Old 97's Rhett Miller: "I don’t have to try and make everybody happy all the time"

Exclusive: He opens up about his brutal, revealing and brilliant new Old 97's album, fueled by heartache and booze

Published February 19, 2014 12:00AM (EST)

The Old 97's   (Eric Ryan Anderson)
The Old 97's (Eric Ryan Anderson)

Rhett Miller's songs are about joy and loneliness, about girls named Doreen and Victoria and Salome, about four-eyed girls and Don DeLillo and J.D. Salinger, about T.Rex and Elliott Smith and Loretta Lynn. He's the thoughtful literature lover who has written for McSweeney's and the Atlantic and Salon. He's the generous musician known to show up and play a fan's bachelorette party.

And he is the most messed-up motherfucker in this town. "Most Messed Up" is the title of the new Old 97's album, arriving on April 29, and first listen marks it an instant classic. It is an album steeped in pain -- pain caused to others, pain drowned in whiskey and pills. Also, bad behavior, bad decisions, betrayals, confusion, frustration, madness, some of which is also fueled by, or smoothed over by, drugs and booze. It's life on the road, it's life at home, and none of it is easy.

In the lyrics, I count 11 fucks, seven bottles of whiskey, Jameson, malt liquor. Oh, and orange ones, blue ones, green ones, white ones. One intervention. People drink all the way to the bank and then drink again. They get drunk and get it on. They swim in oceans and oceans of alcohol.

Yes, it has been an emotionally draining time for Miller -- but a liberating one as well, too. Something in the awfulness of the pain gave him the freedom to speak out and speak his mind. And this autobiographical song cycle is his most honest, revealing and often laugh-out-loud funny yet. "I’ve come to a decision where I don’t have to try and be perfect," he said over the phone last week, in an exclusive first interview about the album. "I don’t have to try and be nice. I don’t have to try and make everybody happy all the time."

That's apparent from the very first song, "Longer Than You've Been Alive," which comes right out and admits to the drinking and pills, to how the road can be "a blast and a bore," to butting heads with band mates, and to nights onstage where everyone is checking the clock. That directness sets the tone for a total excavation of the heart, all of it set against a return of the careening, train-wildly-off-the-track beat that will make fans of "Too Far to Care" and other early albums rejoice.

Rhett and I (full disclosure, we've known each other for a decade and I edited his Salon and McSweeney's work) talked about the new album last week; the interview has been lightly edited and condensed.

"Most Messed Up" is a killing machine from start to finish: Raw, focused, honest, drunken, funny, deeply revealing about the challenges and joys and temptations of a life on the road. And it's quite a change from the last Old 97's albums, which were expansive, democratic affairs – three songwriters, 11 styles.

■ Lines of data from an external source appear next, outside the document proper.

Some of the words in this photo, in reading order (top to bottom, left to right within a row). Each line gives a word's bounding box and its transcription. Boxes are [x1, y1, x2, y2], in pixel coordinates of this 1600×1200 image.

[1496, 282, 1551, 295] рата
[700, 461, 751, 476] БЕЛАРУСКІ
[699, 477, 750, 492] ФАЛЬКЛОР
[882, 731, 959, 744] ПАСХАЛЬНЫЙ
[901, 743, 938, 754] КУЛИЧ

Yeah. It is that. It’s funny, I went to the band with a pile of, like, 30 songs and about half of them were what you were just describing – every song, the song ends and you go: “You can’t sing that!” And then the other half were just these really pretty or sad songs or whatever. More conventional stuff.  At first blush, the band was freaked out. Specific members of the band, especially, were like, “I got kids! I can’t be singing that!” Which I appreciate because it’s so weird to hear my kids walking around the house singing these songs.

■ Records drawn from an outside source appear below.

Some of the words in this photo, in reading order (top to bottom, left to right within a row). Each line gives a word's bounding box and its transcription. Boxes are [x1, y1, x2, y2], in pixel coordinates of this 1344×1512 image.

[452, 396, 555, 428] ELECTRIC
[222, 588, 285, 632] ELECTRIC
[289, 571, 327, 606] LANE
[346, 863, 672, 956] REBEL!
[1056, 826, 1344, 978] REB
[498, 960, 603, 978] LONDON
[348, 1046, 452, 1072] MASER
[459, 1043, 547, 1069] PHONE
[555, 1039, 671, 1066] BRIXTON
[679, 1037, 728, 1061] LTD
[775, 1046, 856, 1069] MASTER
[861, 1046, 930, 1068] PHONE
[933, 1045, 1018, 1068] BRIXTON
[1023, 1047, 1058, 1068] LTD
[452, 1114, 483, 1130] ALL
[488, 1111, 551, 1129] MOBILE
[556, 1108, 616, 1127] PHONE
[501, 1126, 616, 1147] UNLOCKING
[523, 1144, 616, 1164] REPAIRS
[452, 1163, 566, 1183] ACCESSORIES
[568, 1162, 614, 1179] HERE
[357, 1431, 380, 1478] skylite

“I am the most messed-up motherfucker in this town,” daddy ...

Oh yeah. Well, I’ve been able to hide that one. That one they’ve only heard once or twice. But I caught my 10-year-old son, Max, walking around singing “Wasted” and it’s so weird hearing a 10-year-old singing, “Tonight I want to get wasted with you.” And so I said to him, “Max, that’s kind of inappropriate,” and his line, which is a testament to what a glib con man he’s going to grow up into, was: “Dad, if you didn’t want me to sing it — if it was so inappropriate — you shouldn’t have made it so catchy.”

Hes going to be a critic. Hes doomed to a life of poverty and writing for online magazines.

Exactly.

So you come in with half pretty songs and half crazy rocking honky-tonk songs about a band, life on the road, and one messed-up frontman. And somewhere you made a decision to strip the pretty ones out and focus on the ugly truth. The band gave in?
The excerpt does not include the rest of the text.